利用Blue-native凝胶电泳(Peltier等,2001年),以及MALDI-TOF和ESI-MS/MS分析,鉴定了拟南芥叶绿体中一个350kD的由10个不同的亚基组成的C1pP蛋白酶复合体,并发现了一个不属于任何已知的叶绿体基因家族的新的叶绿体蛋白。

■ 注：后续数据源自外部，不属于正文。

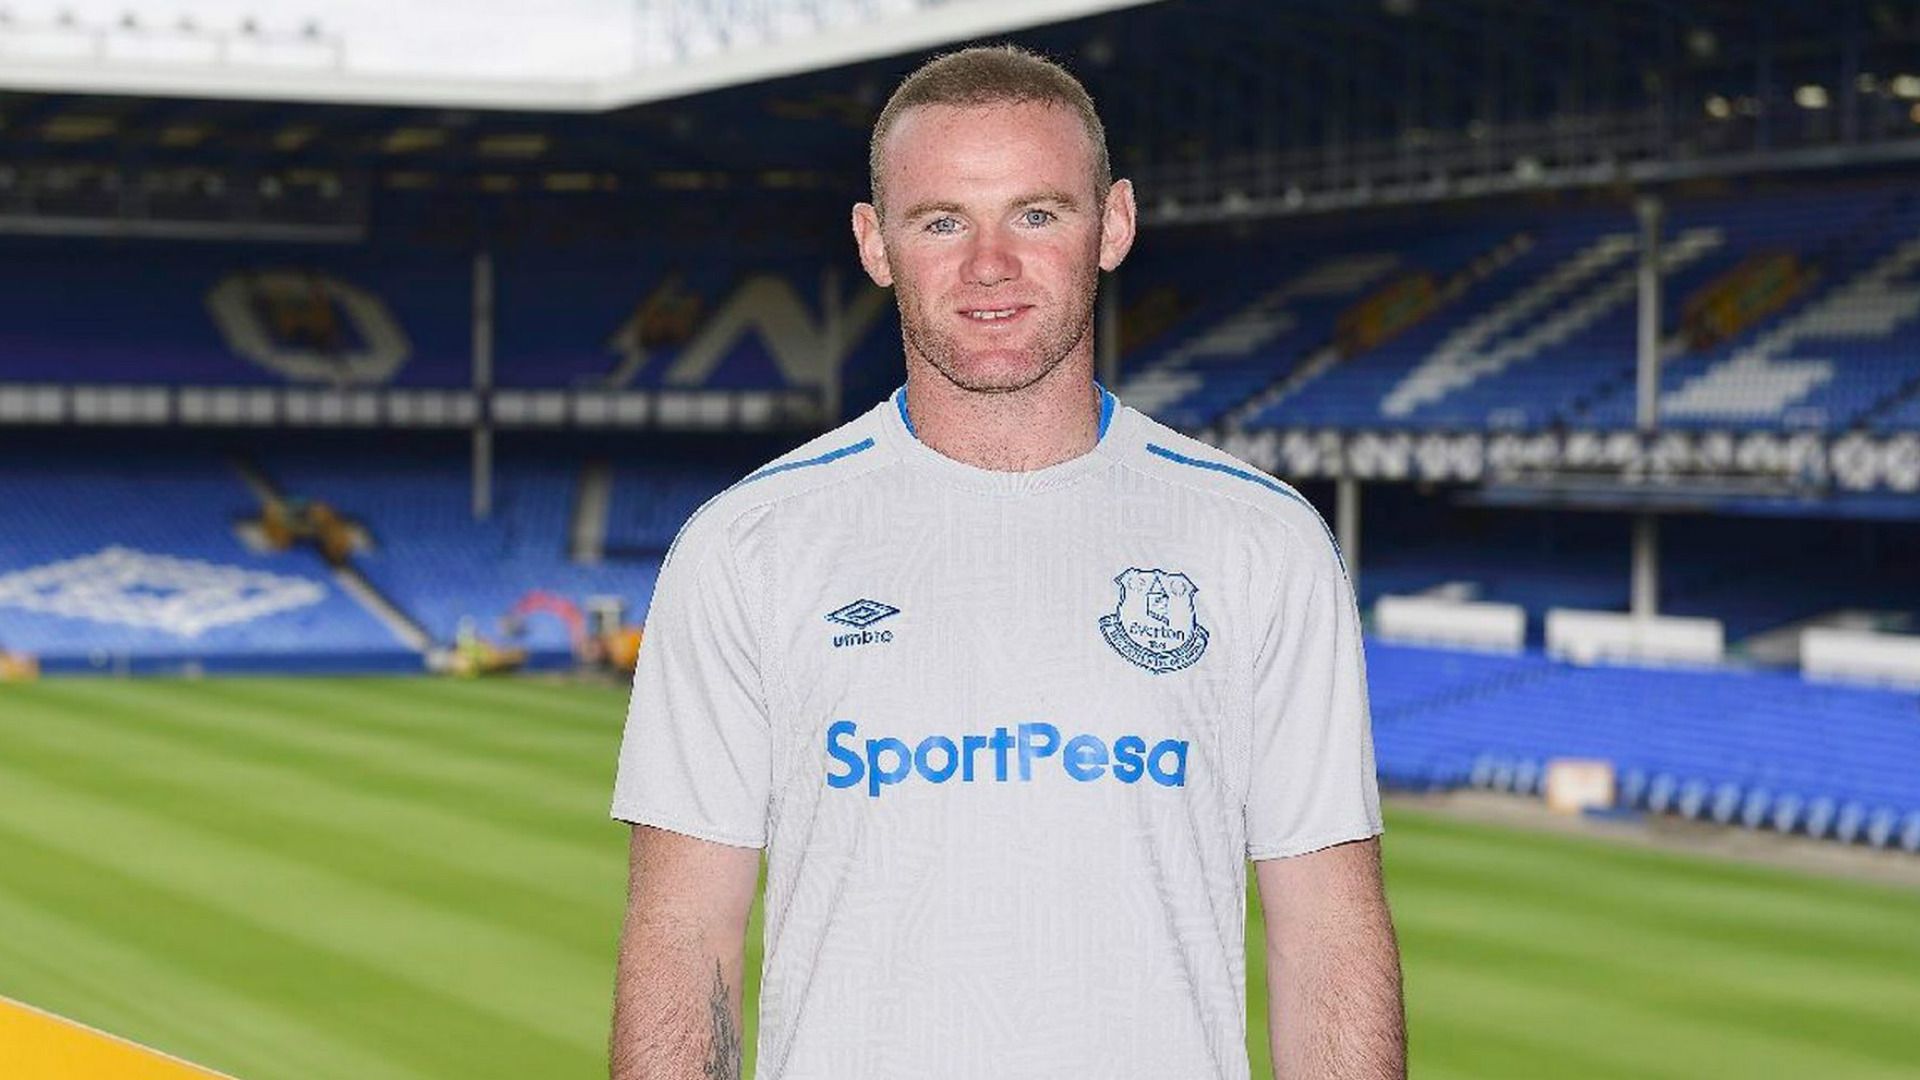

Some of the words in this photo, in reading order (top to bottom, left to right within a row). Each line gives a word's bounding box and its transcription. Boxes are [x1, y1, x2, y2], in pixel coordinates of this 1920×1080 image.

[833, 630, 893, 648] umbro
[1129, 621, 1185, 641] Everton
[826, 720, 1190, 798] SportPesa
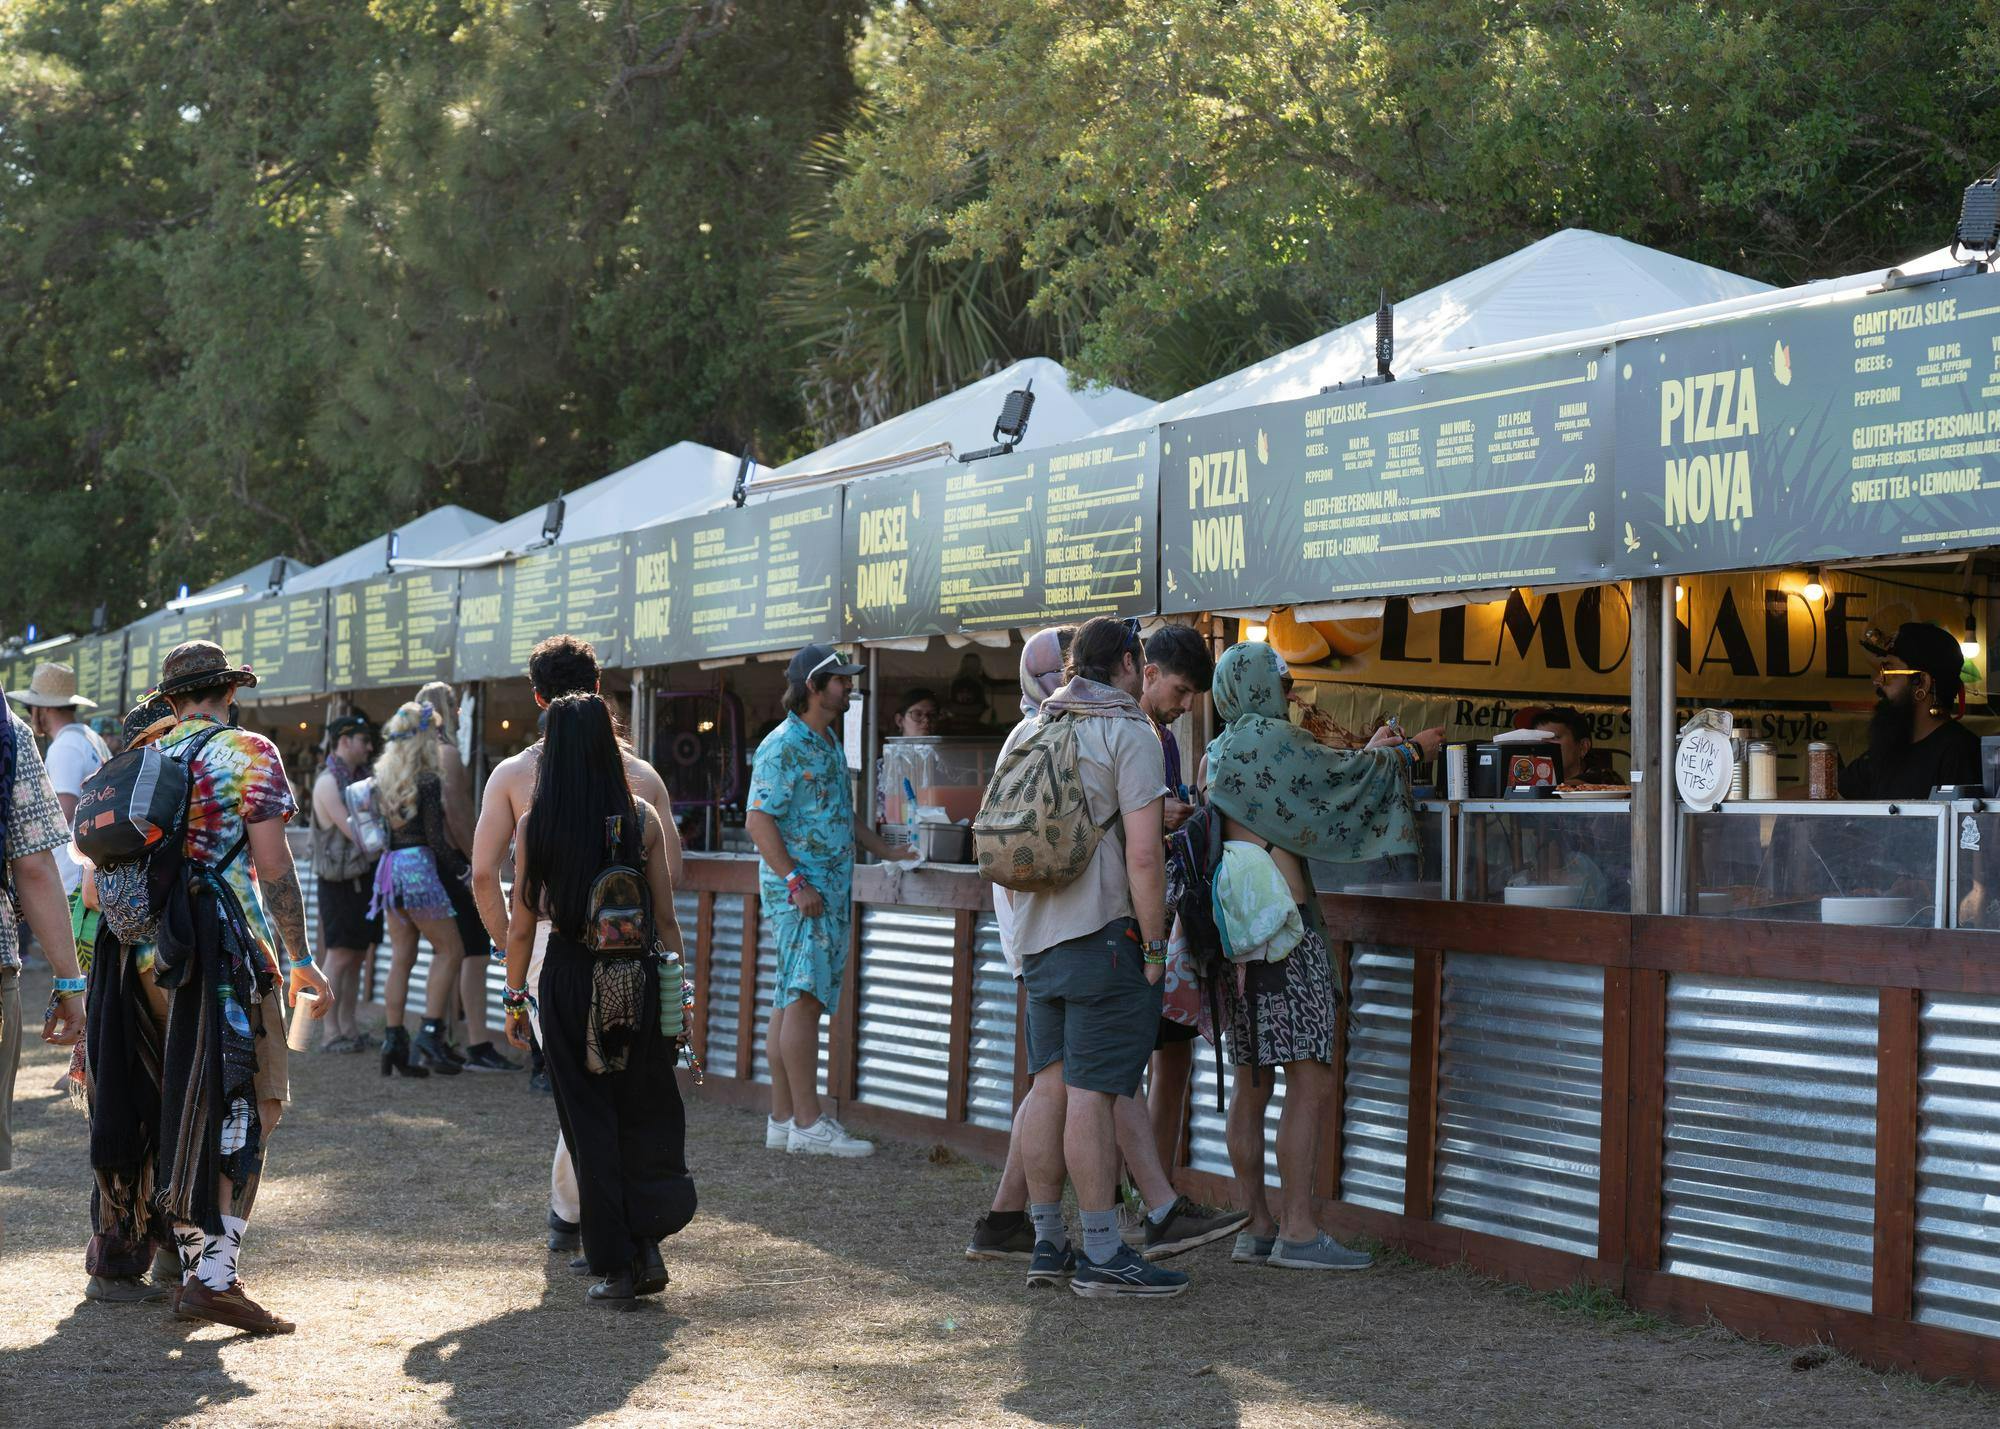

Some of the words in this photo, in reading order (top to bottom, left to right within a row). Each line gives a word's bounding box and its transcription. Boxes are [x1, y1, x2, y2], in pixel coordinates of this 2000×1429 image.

[1853, 310, 1888, 336] GIANT
[1889, 304, 1923, 331] PIZZA
[1925, 299, 1957, 325] SLICE
[1855, 354, 1886, 374] CHEESE
[1928, 345, 1945, 362] WAR
[1946, 342, 1961, 359] PIG
[1305, 408, 1325, 429] GIANT
[1326, 405, 1347, 425] PIZZA
[1347, 401, 1367, 422] SLICE
[1586, 361, 1598, 382] 10
[1661, 367, 1759, 447] PIZZA
[1855, 386, 1901, 407] PEPPERONI
[1498, 414, 1508, 429] EAT
[1508, 413, 1513, 426] A
[1513, 410, 1531, 425] PEACH
[1853, 419, 1925, 450] GLUTEN-FREE
[1926, 411, 1986, 440] PERSONAL
[1305, 443, 1324, 457] CHEESE
[1188, 448, 1249, 511] PIZZA
[1304, 495, 1346, 518] GLUTEN-FREE
[1347, 490, 1382, 513] PERSONAL
[1383, 488, 1398, 508] PAN
[1584, 463, 1596, 485] 23
[1305, 468, 1333, 484] PEPPERONI
[1665, 449, 1753, 526] NOVA
[1851, 478, 1887, 503] SWEET
[1889, 475, 1910, 499] TEA
[1919, 467, 1982, 497] LEMONADE
[859, 505, 909, 557] DIESEL
[1134, 537, 1142, 553] 12
[1191, 514, 1246, 575] NOVA
[1303, 539, 1325, 560] SWEET
[1325, 538, 1337, 557] TEA
[1343, 534, 1380, 556] LEMONADE
[1588, 511, 1596, 533] 8
[636, 551, 671, 594] DIESEL
[1136, 558, 1142, 574] 8
[857, 559, 908, 610] DAWGZ
[1761, 711, 1829, 747] Style
[1681, 752, 1697, 769] ME
[1700, 758, 1714, 776] UR
[1686, 736, 1720, 759] SHOW
[1683, 770, 1710, 790] TIPS

Vener等(2001年)利用质谱技术研究了拟南芥叶绿体中类囊体膜蛋白质的磷酸化现象。研究发现,光系统Ⅱ核心中的D1、D2、CP43蛋白质位于N-端的苏氢酸(Thr)被磷酸化;外周蛋白PsbH的Thr-2被磷酸化;而成熟的光捕获蛋白LCHⅡ的Thr-3被磷酸化。Vener还研究了不同生理条件下这些蛋白质的磷酸化状态。结果表明,这些类囊体蛋白质中,没有任何一个在稳定的连续光照条件下完全磷酸化,或者在长期黑暗适应的条件下完全去磷酸化。他们还检测到在光/暗转换的条件下,PsbH的Thr-4有迅速而可逆的超磷酸化现象。D1、D2、CP43蛋白受到热激以后出现显著的去磷酸化。光合蛋白受到热激后磷酸化的变化比在光/暗转换的条件下要迅速。Vener指出,质谱法为研究复杂样品中蛋白质磷酸化的化学计量学提供了新的途径。
Peltier等(2002年)通过蛋白质组分析法与基因组预测筛选法结合,研究拟南芥叶绿体类囊体基质蛋白质组。通过双向电泳分离类囊体可溶蛋白质,再用质谱进行分析鉴定。鉴定了81个蛋白,用N-端测序对蛋白质的定位进行预测。通过实验数据修正所鉴定蛋白的基因注释,发现了一个有趣的选择性重叠。实验中还发现了大量同源基因的表达。研究表明基质蛋白质组的主要功能包括帮助折叠,催化类囊体蛋白的水解和抗氧化。鉴定的基质蛋白和它们的同源物的特性可以被应用于通过基因组预测基质蛋白质组。Schubert等(2002等)系统地描述了模式植物拟南芥类囊体基质蛋白的特性,证明类囊体基质有其自己特异的蛋白质组,并且鉴定了其中的36个蛋白。除了大量的肽基脯氨酸顺反异构酶和蛋白酶,还发现了一些新的PsbP结构域蛋白。比较模式植物拟南芥与另一个典型的高等植物菠菜的类囊体基质蛋白质组,发现二者相似性很高。作为对本实验的补充,Schubert等还从拟南芥整个基因组数据库推测基质蛋白质组,估计叶绿体类囊体基质约有80个蛋白。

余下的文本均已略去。